━━━ Provided data

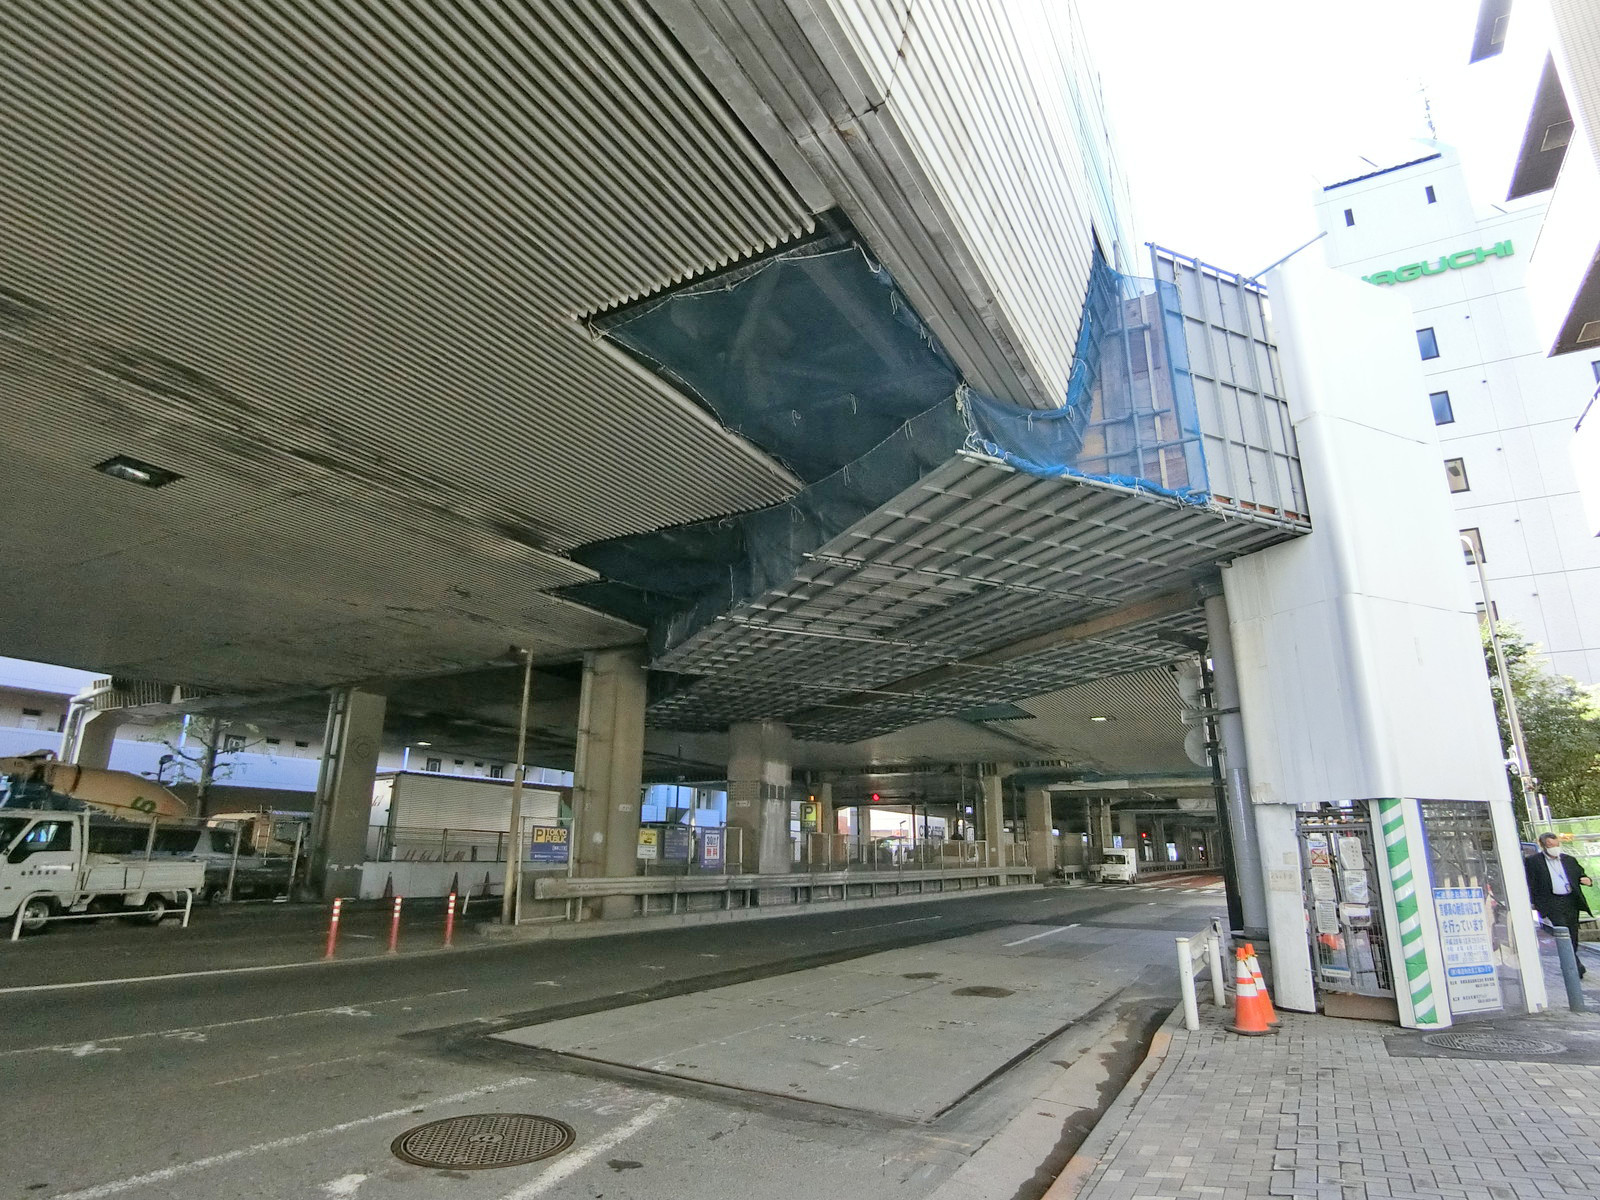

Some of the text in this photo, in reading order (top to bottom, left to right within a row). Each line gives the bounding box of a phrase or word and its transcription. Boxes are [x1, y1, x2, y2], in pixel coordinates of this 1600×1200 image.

[1361, 239, 1515, 286] AGUCHI
[546, 827, 568, 836] TOKYO
[545, 835, 567, 843] PUBLIC
[1443, 919, 1484, 933] を行っています

━━━━━━

§ What to do: The pictures should not be reproduced; quote all of the other material exactly.

§ Response for this exercise:
Some of the text in this photo, in reading order (top to bottom, left to right within a row). Each line gives the bounding box of a phrase or word and its transcription. Boxes are [x1, y1, x2, y2], in pixel coordinates of this 1600×1200 image.

[1361, 239, 1515, 286] AGUCHI
[546, 827, 568, 836] TOKYO
[545, 835, 567, 843] PUBLIC
[1443, 919, 1484, 933] を行っています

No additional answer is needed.